"Armutsmigration"

Folgen eines Phantom-Phänomens

Auffahrt auf die deutsche Autobahn hinter dem Zollamt Weil am Rhein-Autobahn.
Sehnsuchtsziel Deutschland? Es gibt keine Schwemme gieriger Rumänen und Bulgaren. © picture alliance/dpa/Winfried Rothermel
Von Stefan Maas · 27.08.2014
Der Bund will sein Vorgehen gegen die sogenannte Armutszuwanderung aus EU-Ländern verschärfen – beschäftigt sich also mit einem Phänomen, das es gar nicht gibt. Aber es gibt auch Positives über das Maßnahmen-Paket der Bundesregierung zu sagen.
Da ist er also, der Abschlussbericht des Staatssekretärsausschusses zum Thema Sozialmissbrauch durch Einwanderer aus EU-Staaten. Ob es wirklich notwendig war, ihn zu erstellen, darüber lässt sich trefflich streiten. Denn eigentlich beschäftigt er sich mit einem Phänomen, das es gar nicht gibt. Zumindest nicht in einem Umfang, wie die aufgekratzte Debatte vermuten ließ, die vor allem die CSU mit ihrem Slogan "Wer betrügt, der fliegt" auf den Gipfel des Populismus getrieben hat. Experten haben bereits früh in der Debatte - und immer wieder - auf die Zahlen hingewiesen, die belegen: Es gibt keine Schwemme gieriger - vor allem - Rumänen und Bulgaren, die nur auf den 1. Januar 2014 gewartet haben, um wie Heuschrecken über die deutschen Sozialsysteme herzufallen.
Zwar sind im ersten Halbjahr nach Angaben des Instituts für Arbeitsmarkt- und Berufsforschung der Bundesagentur für Arbeit rund 60.000 Rumänen und Bulgaren eingewandert, aber nach wie vor gilt: Schaut man auf diese Gruppe ist der Anteil derjenigen, die Hartz IV beziehen, geringer als in der Gesamtgruppe der in Deutschland lebenden Ausländer. Und die im Juli arbeitslos gemeldeten Rumänen und Bulgaren machen gerade einmal 0,7 Prozent aller Arbeitslosen aus.
Es gibt ihn also wohl nicht, den massenhaften Sozialmissbrauch. Das deutet auch der Bericht an, der wenig Konkretes zu Fällen sagt. Daher dürften die Einreisesperren für Betrüger, die der Gesetzentwurf vorsieht, den das Innen- und das Arbeits- und Sozialministerium heute dem Kabinett vorgelegt haben, wohl eher dazu dienen, zu zeigen, dass die Bundesregierung nicht mit sich spaßen lässt, als dass sie massenhaft Anwendung in der Praxis finden.

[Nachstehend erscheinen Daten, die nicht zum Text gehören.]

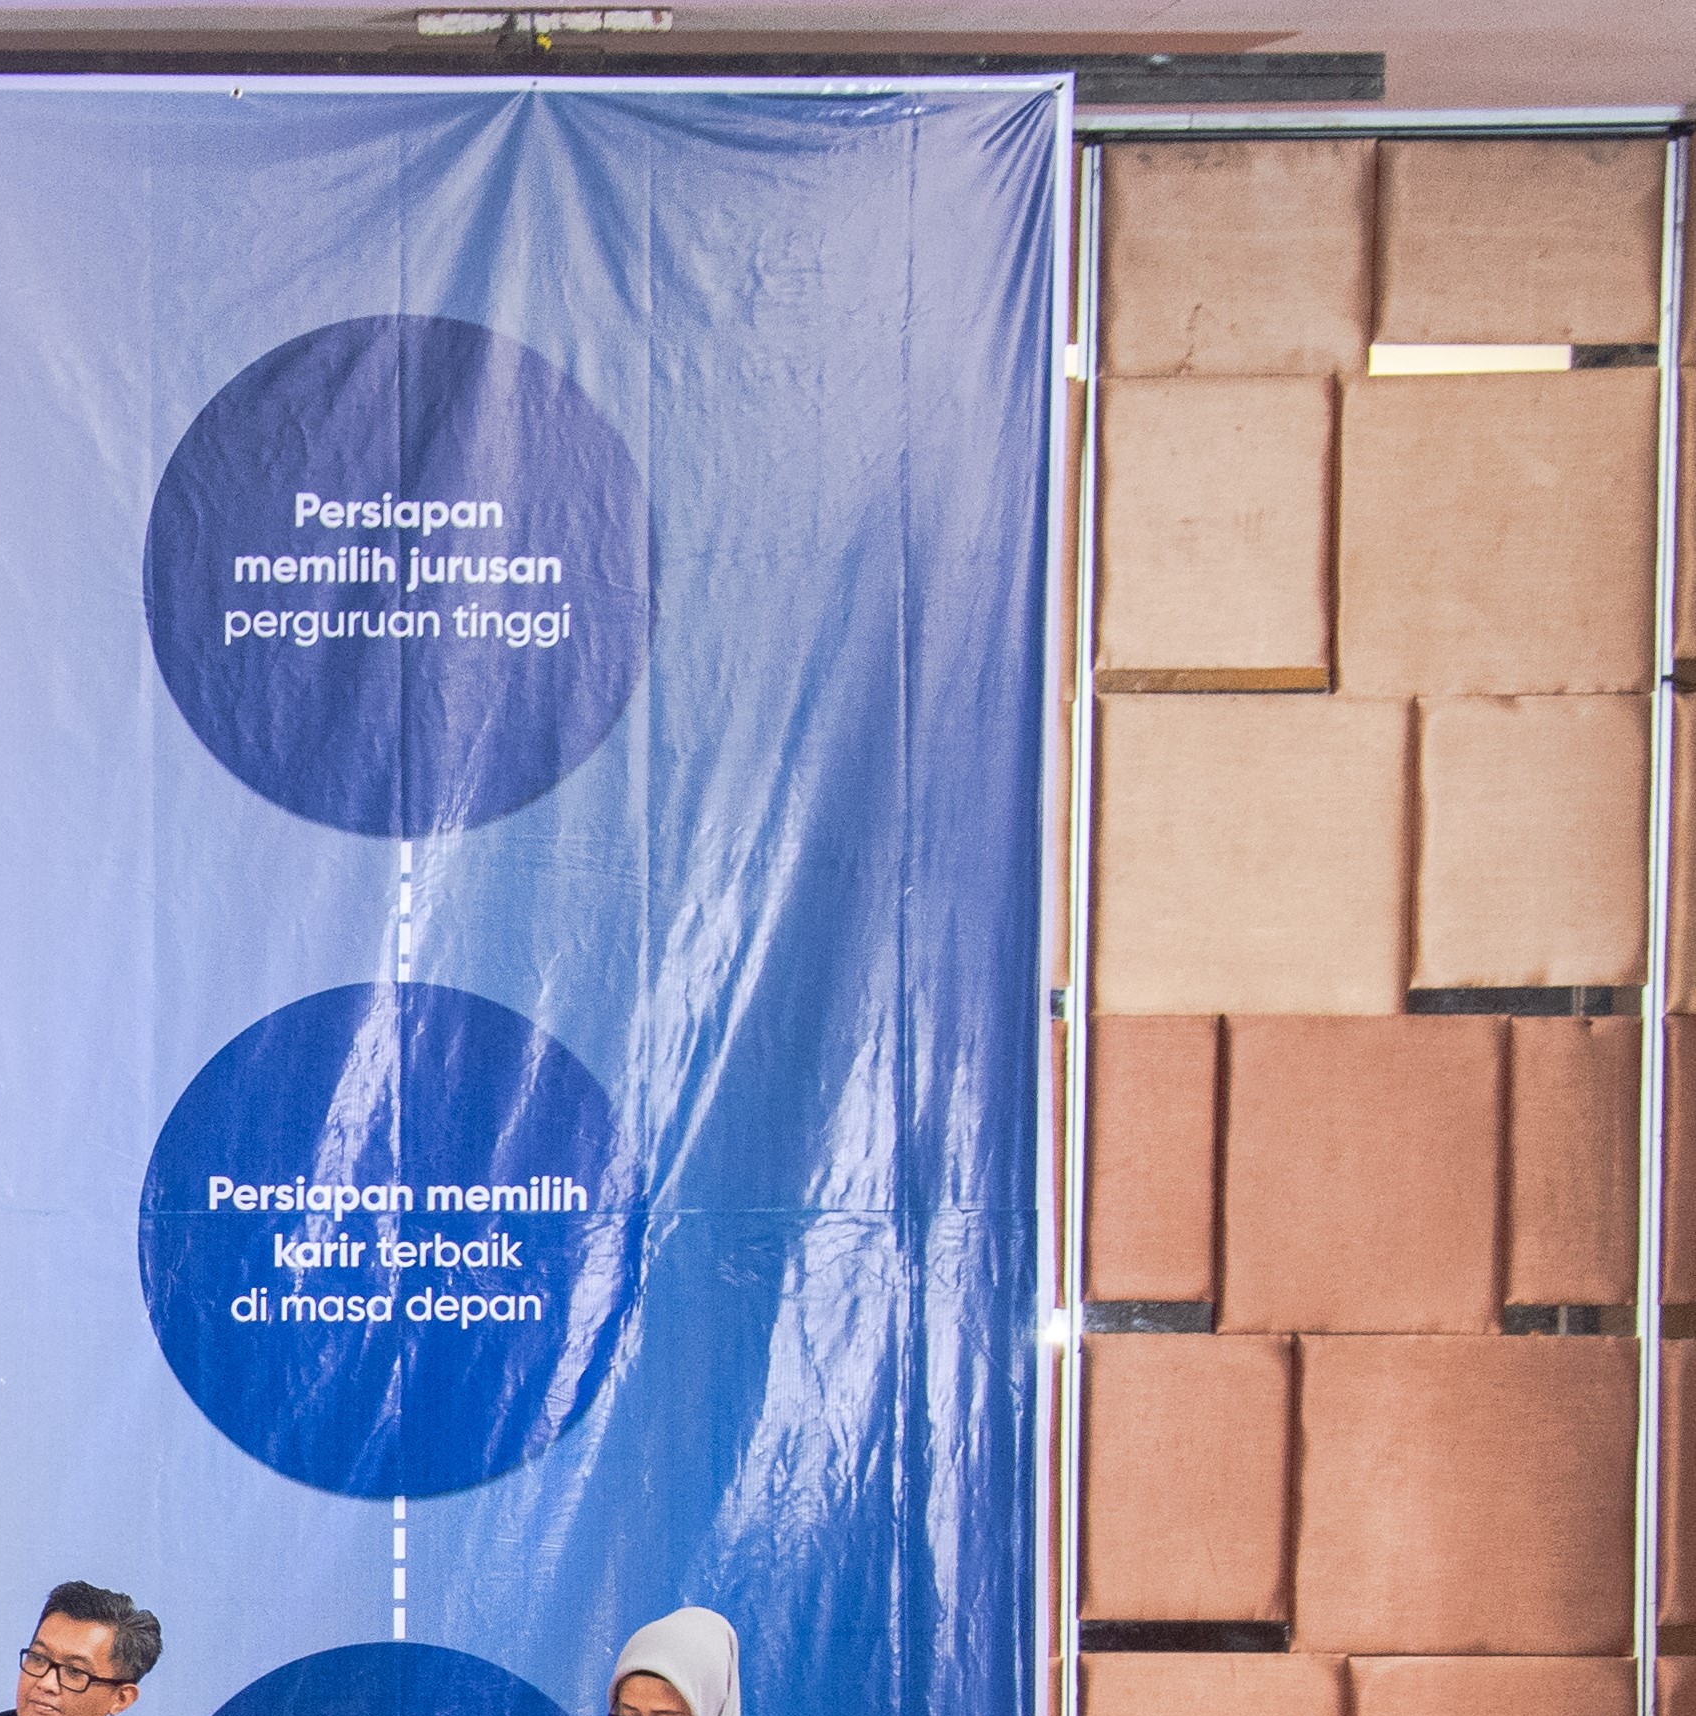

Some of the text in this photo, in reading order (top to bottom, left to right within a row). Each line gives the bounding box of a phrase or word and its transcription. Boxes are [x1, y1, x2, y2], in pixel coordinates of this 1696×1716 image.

[294, 492, 504, 537] Persiapan
[233, 546, 563, 592] memilih jurusan
[223, 602, 573, 648] perguruan tinggi
[208, 1175, 588, 1221] Persiapan memilih
[273, 1232, 523, 1269] karir terbaik
[230, 1287, 542, 1330] di masa depan

Restluft aus populistischen Forderungen
Es gibt aber auch Positives zu sagen über den Bericht. Er schafft es, die Restluft aus einigen populistischen Forderungen zu lassen, die noch im Raum standen. So forderte die CSU zu prüfen, ob es möglich sei, jemandem, der gerade nach Deutschland gekommen ist, in den ersten Monaten das Kindergeld zu verweigern. Das geht wohl nicht.

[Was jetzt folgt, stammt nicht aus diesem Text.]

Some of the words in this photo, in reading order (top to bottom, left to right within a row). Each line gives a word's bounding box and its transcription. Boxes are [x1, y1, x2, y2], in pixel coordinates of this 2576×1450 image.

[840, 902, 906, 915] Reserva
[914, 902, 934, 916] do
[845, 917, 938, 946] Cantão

Schwierig auch ein weiterer Prüfauftrag aus Bayern: Ob man Kindern, die nicht in Deutschland lebten, weniger zahlen könne. Entsprechend den Bedürfnissen in ihrem Heimatland. Dagegen machen die Staatssekretäre praktikable Vorschläge: Missbrauch und Doppelzahlungen sollen vermieden werden, indem die Steueridentifikationsnummer des Kindes beim Antrag mit angegeben werden muss.

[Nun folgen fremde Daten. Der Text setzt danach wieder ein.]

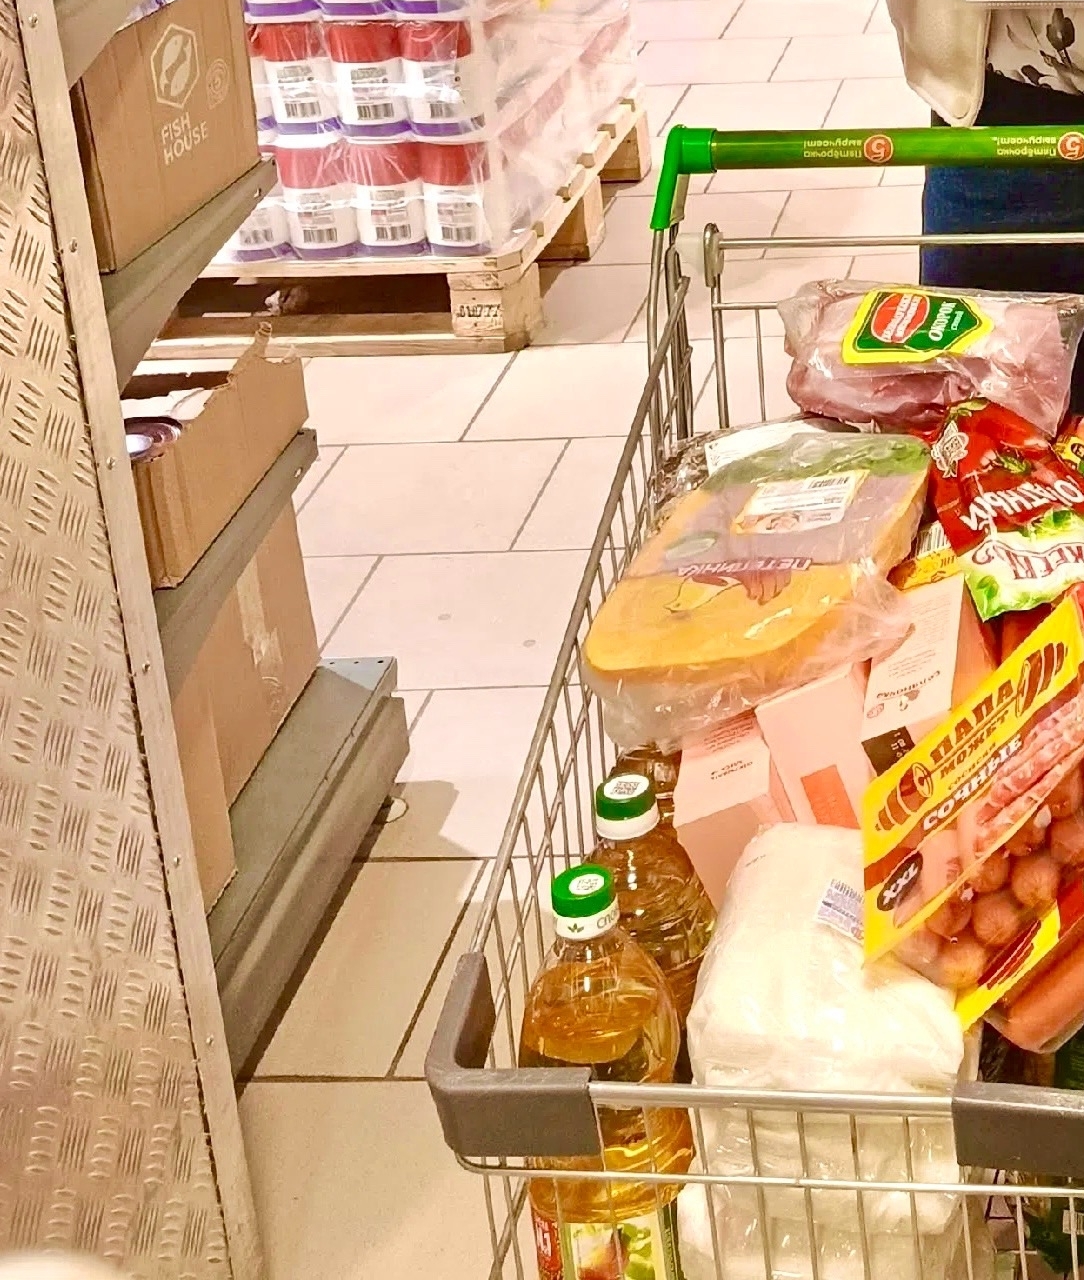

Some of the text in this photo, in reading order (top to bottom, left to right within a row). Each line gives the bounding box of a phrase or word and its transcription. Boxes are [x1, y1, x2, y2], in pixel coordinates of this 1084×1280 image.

[161, 112, 191, 144] FISH
[163, 121, 208, 165] HOUSE
[804, 149, 862, 159] Пятёрочка
[997, 146, 1056, 157] Пятёрочка
[928, 300, 957, 341] ОКОРОК
[930, 679, 1014, 765] ПАПА
[940, 710, 1009, 780] МОЖЕТ
[923, 734, 1023, 831] СОЧНЫЕ
[883, 862, 920, 905] XXL

Das Wichtigste aber, was die Bundesregierung jetzt in Angriff nehmen will, nach Vorlage des Abschlussberichts, ist, dass sie besonders betroffene Kommunen weiter entlasten will. Und dafür ist es höchste Zeit. Kommunen, die tatsächlich eine hohe Zahl arbeitsloser EU-Ausländer zu schultern haben - wie Duisburg und Gelsenkirchen - bekommen noch in diesem Jahr weitere finanzielle Hilfen. 25 Millionen Euro zusätzlich. Eine Bundesbeteiligung an Unterkunft und Heizung. Außerdem sollen die Kommunen noch um weitere zehn Millionen Euro jährlich entlastet werden. Dafür sollen die gesetzlichen Krankenkassen die Kosten für Impfen für Kinder und Jugendliche aus EU-Staaten übernehmen.
Wenn es den Bericht nur dafür gebraucht haben sollte, dann hat sich die Arbeit wohl doch gelohnt.